== TASK GOAL ==
Set every entry down again, unchanged, picture-free.

****************

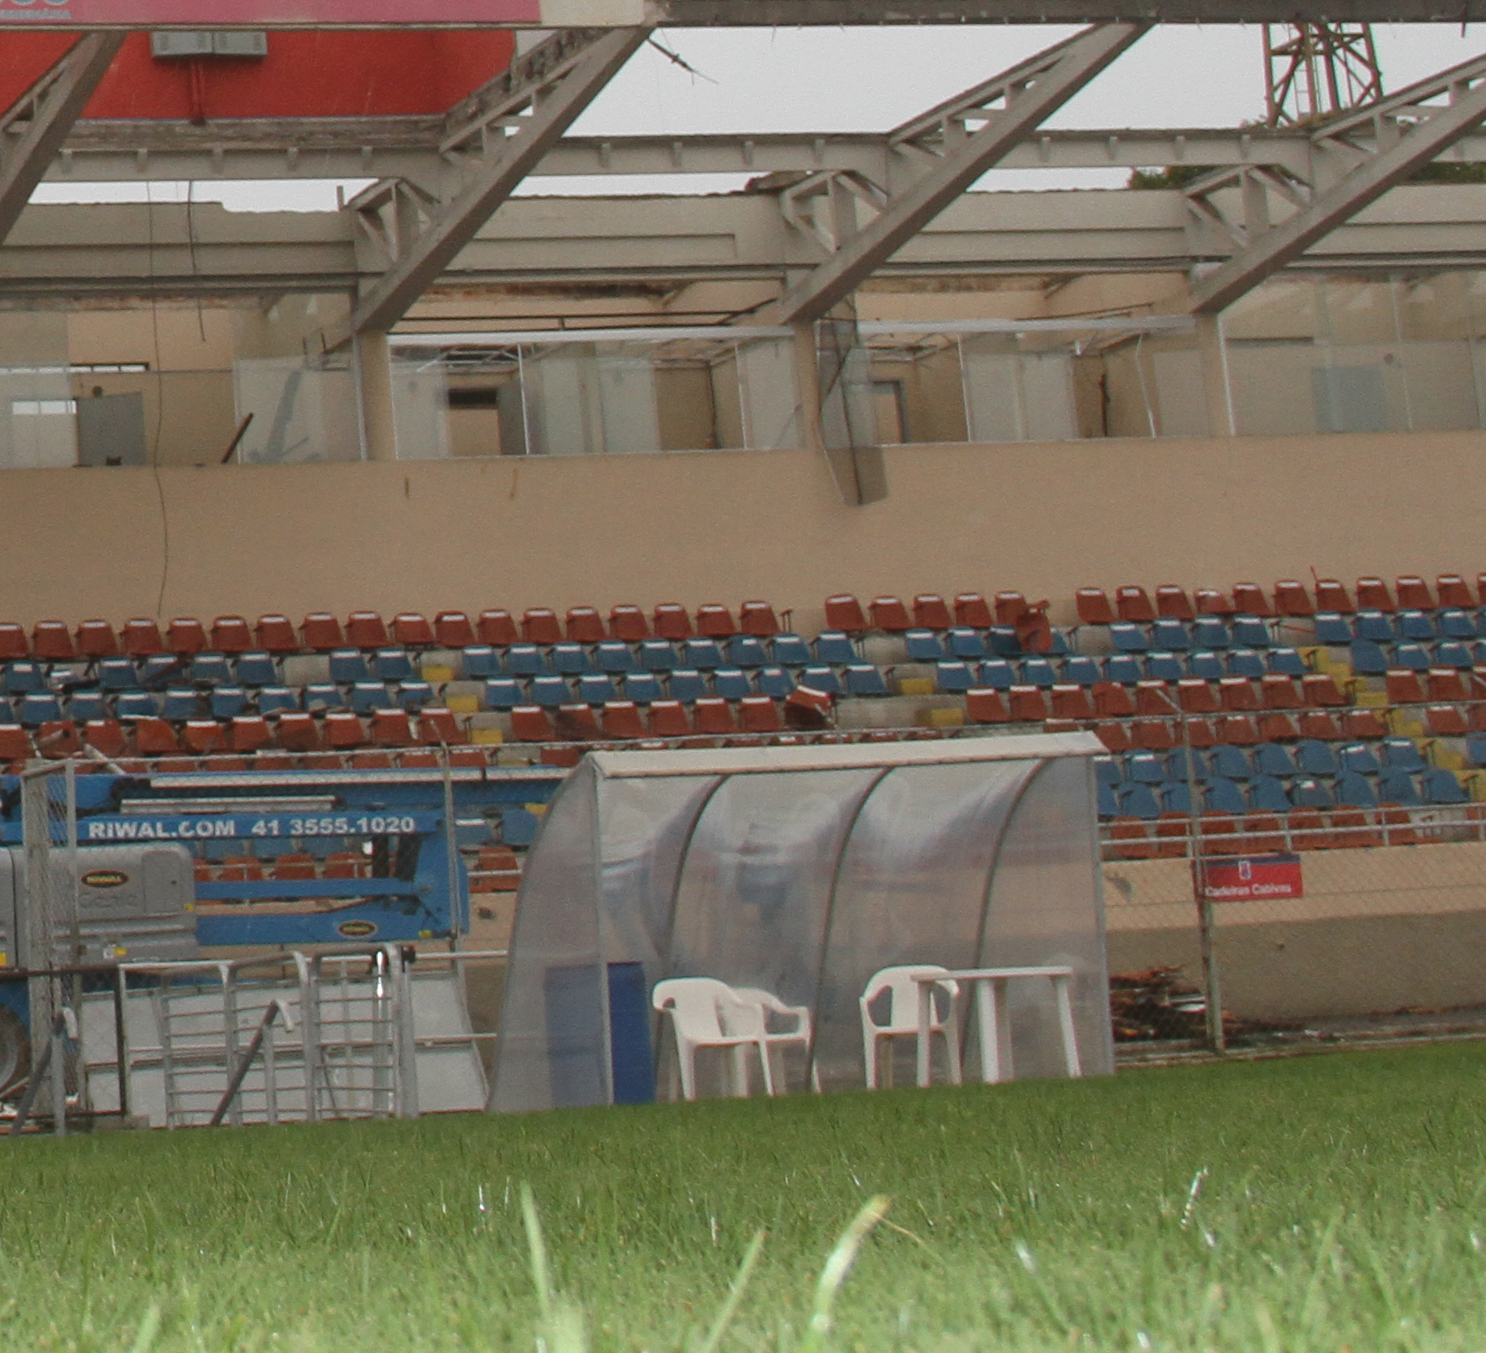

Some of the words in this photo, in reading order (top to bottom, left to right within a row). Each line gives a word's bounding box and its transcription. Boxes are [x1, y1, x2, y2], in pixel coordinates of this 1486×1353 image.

[87, 820, 235, 839] RIWAL.COM
[251, 820, 280, 837] 41
[290, 816, 416, 835] 3555.1020
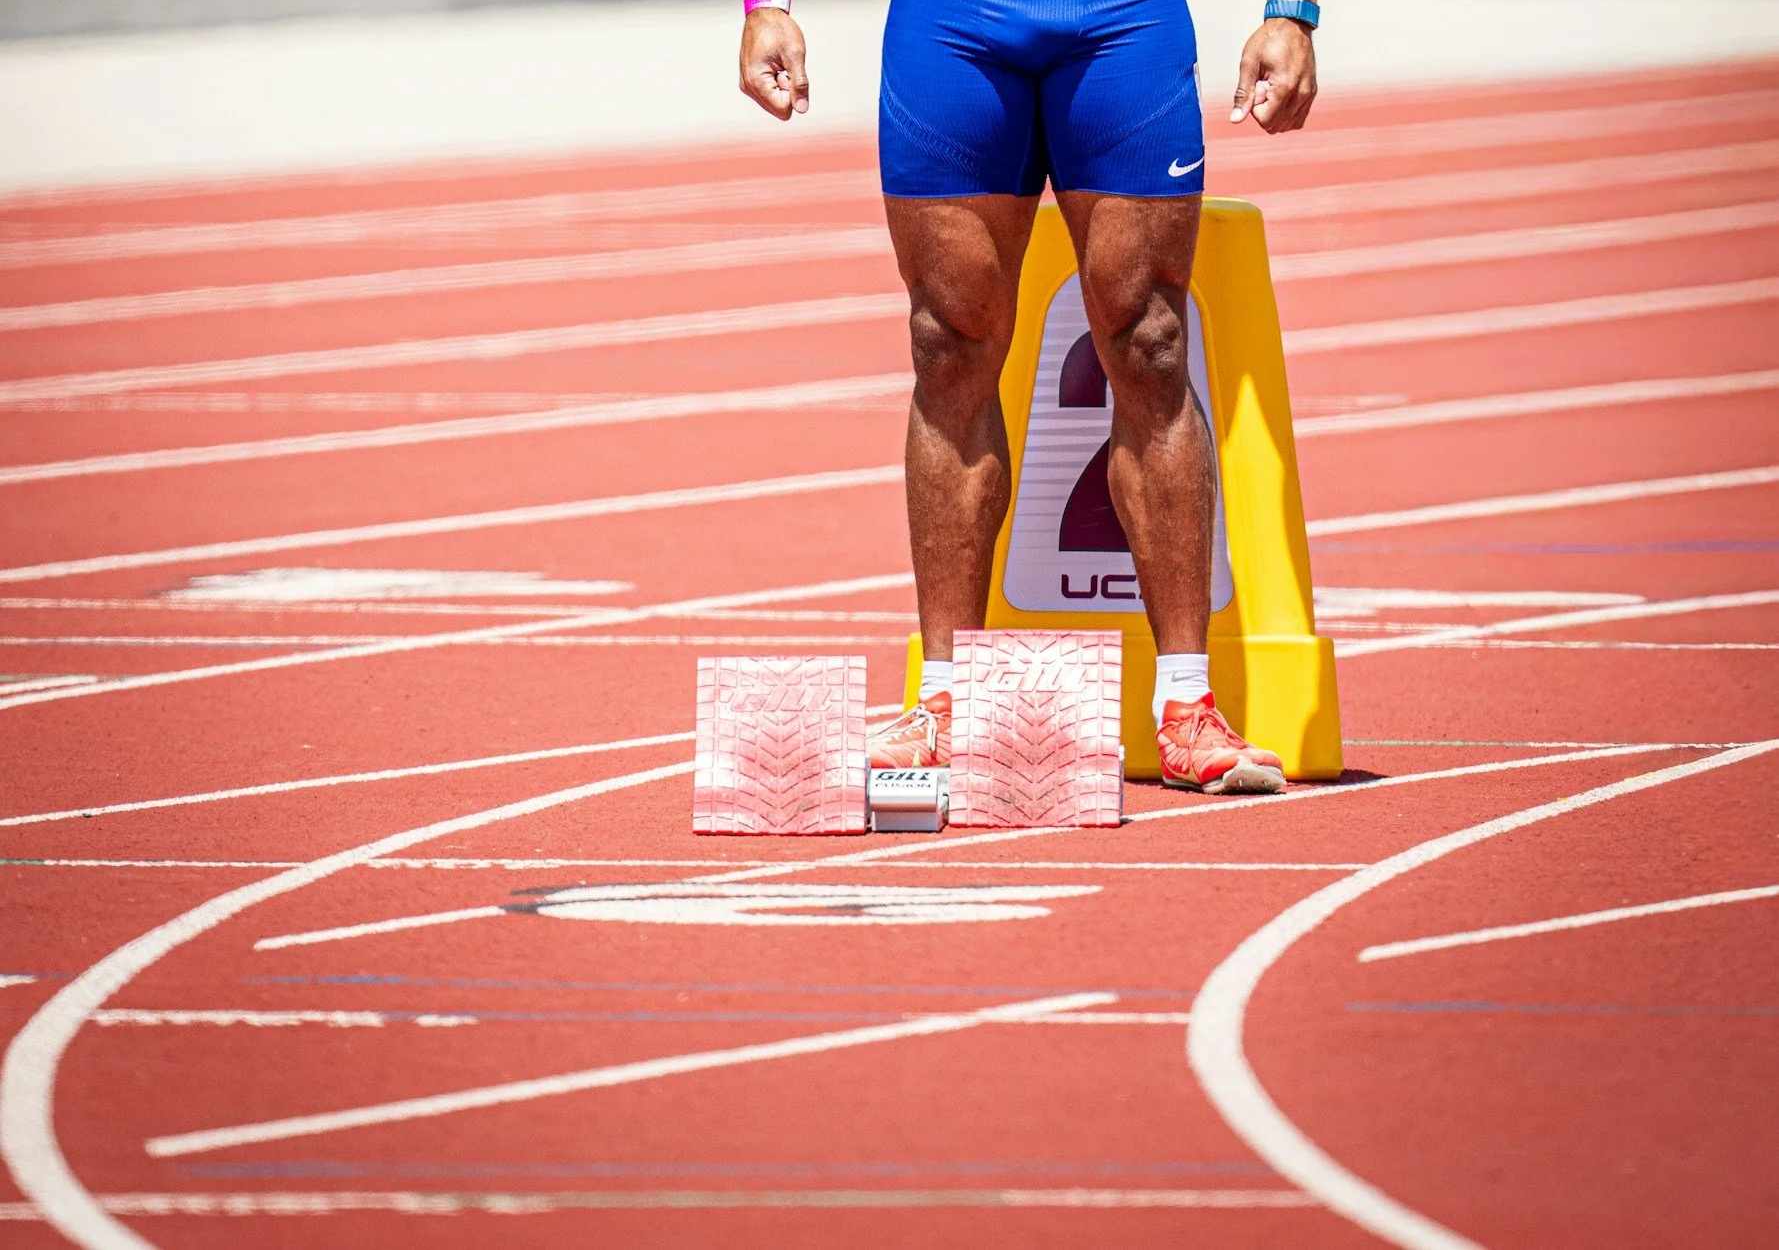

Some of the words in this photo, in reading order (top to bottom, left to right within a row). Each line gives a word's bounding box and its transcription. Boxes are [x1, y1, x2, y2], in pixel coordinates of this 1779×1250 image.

[1060, 573, 1145, 600] UC
[986, 667, 1088, 693] GILL
[729, 687, 832, 713] GILL
[876, 771, 931, 781] GILL
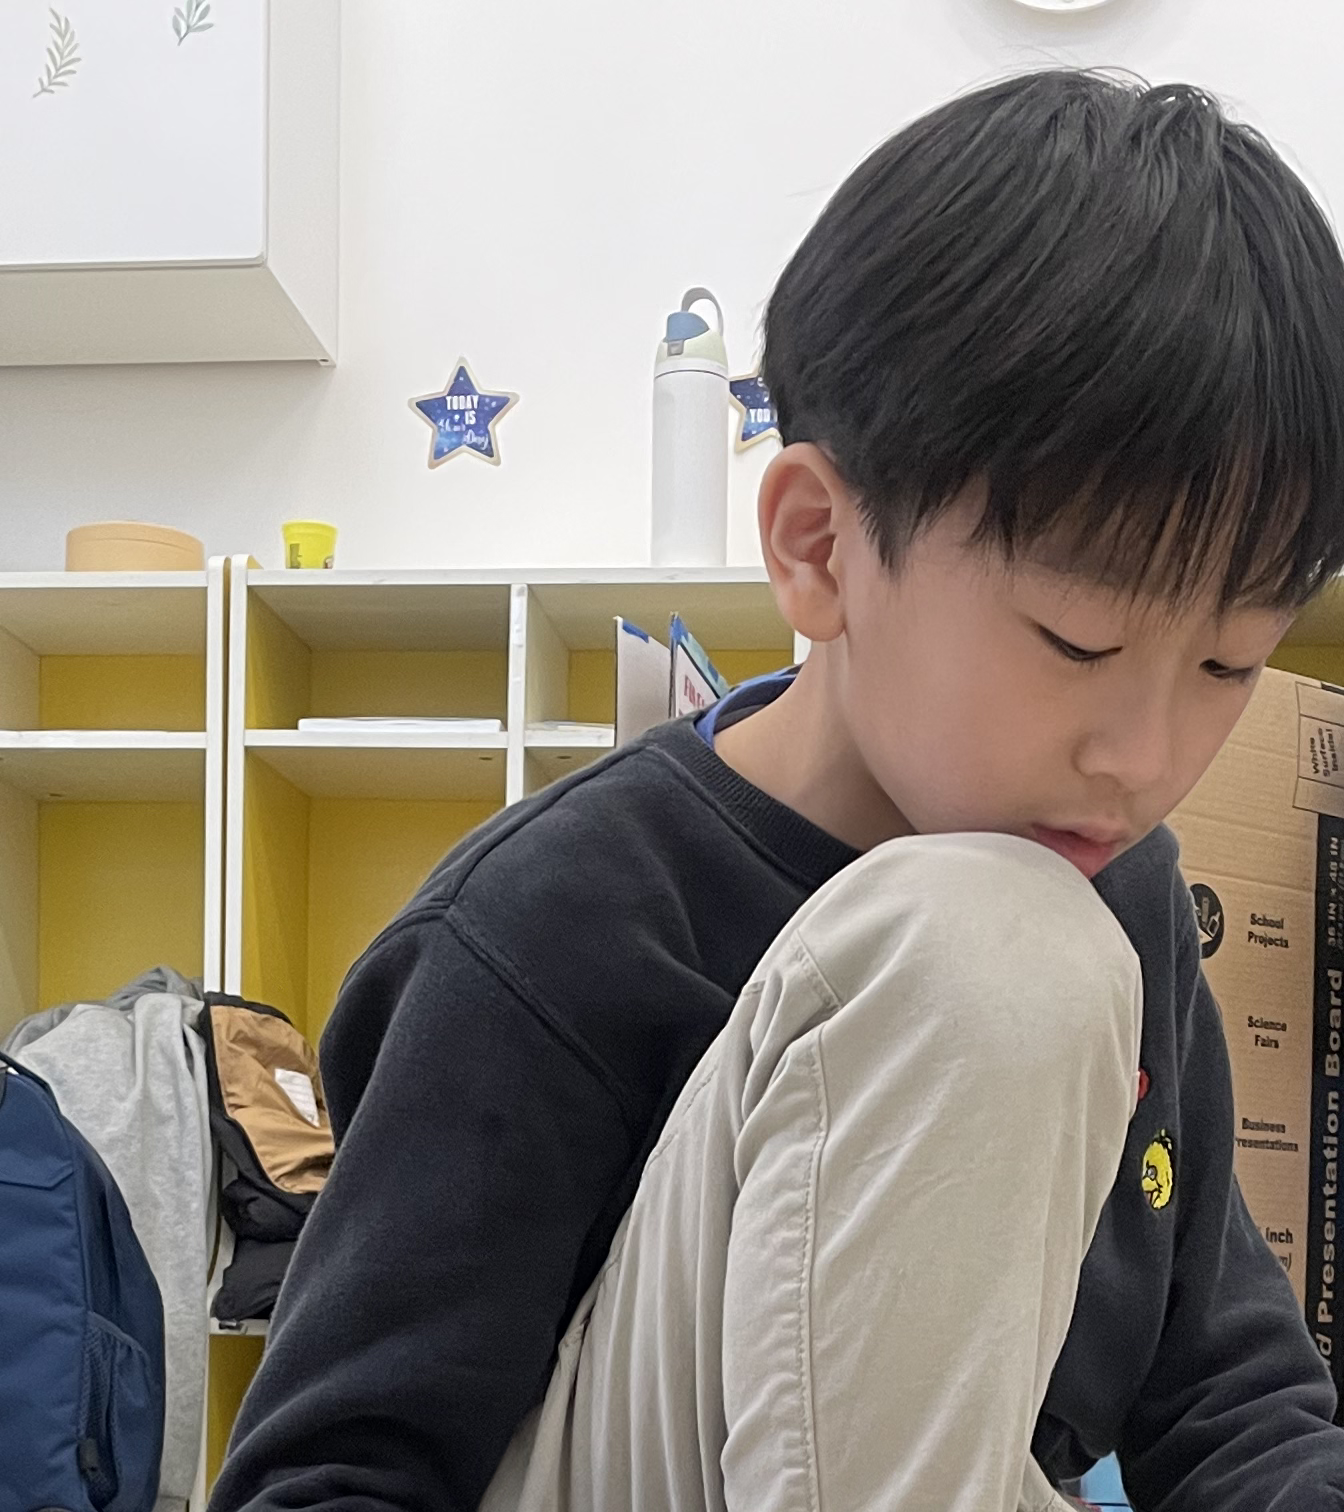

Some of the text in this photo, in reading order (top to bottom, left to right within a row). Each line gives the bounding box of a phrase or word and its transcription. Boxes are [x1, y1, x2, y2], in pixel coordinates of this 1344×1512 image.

[445, 394, 479, 410] TODAY
[464, 410, 477, 425] IS
[1250, 913, 1285, 930] School
[1247, 931, 1289, 949] Projects
[1247, 1015, 1287, 1033] Science
[1325, 968, 1343, 1077] Board
[1254, 1034, 1280, 1049] Fairs
[1241, 1117, 1286, 1134] Business
[1317, 1091, 1339, 1323] Presentation

****************

== EXERCISE OUTPUT ==
Some of the words in this photo, in reading order (top to bottom, left to right within a row). Each line gives a word's bounding box and its transcription. Boxes are [x1, y1, x2, y2], in pixel coordinates of this 1486×1353 image.

[87, 820, 235, 839] RIWAL.COM
[251, 820, 280, 837] 41
[290, 816, 416, 835] 3555.1020

Some of the words in this photo, in reading order (top to bottom, left to right within a row). Each line gives a word's bounding box and its transcription. Boxes are [x1, y1, x2, y2], in pixel coordinates of this 1779×1250 image.

[1060, 573, 1145, 600] UC
[986, 667, 1088, 693] GILL
[729, 687, 832, 713] GILL
[876, 771, 931, 781] GILL

Some of the text in this photo, in reading order (top to bottom, left to right within a row). Each line gives the bounding box of a phrase or word and its transcription. Boxes are [x1, y1, x2, y2], in pixel coordinates of this 1344×1512 image.

[445, 394, 479, 410] TODAY
[464, 410, 477, 425] IS
[1250, 913, 1285, 930] School
[1247, 931, 1289, 949] Projects
[1247, 1015, 1287, 1033] Science
[1325, 968, 1343, 1077] Board
[1254, 1034, 1280, 1049] Fairs
[1241, 1117, 1286, 1134] Business
[1317, 1091, 1339, 1323] Presentation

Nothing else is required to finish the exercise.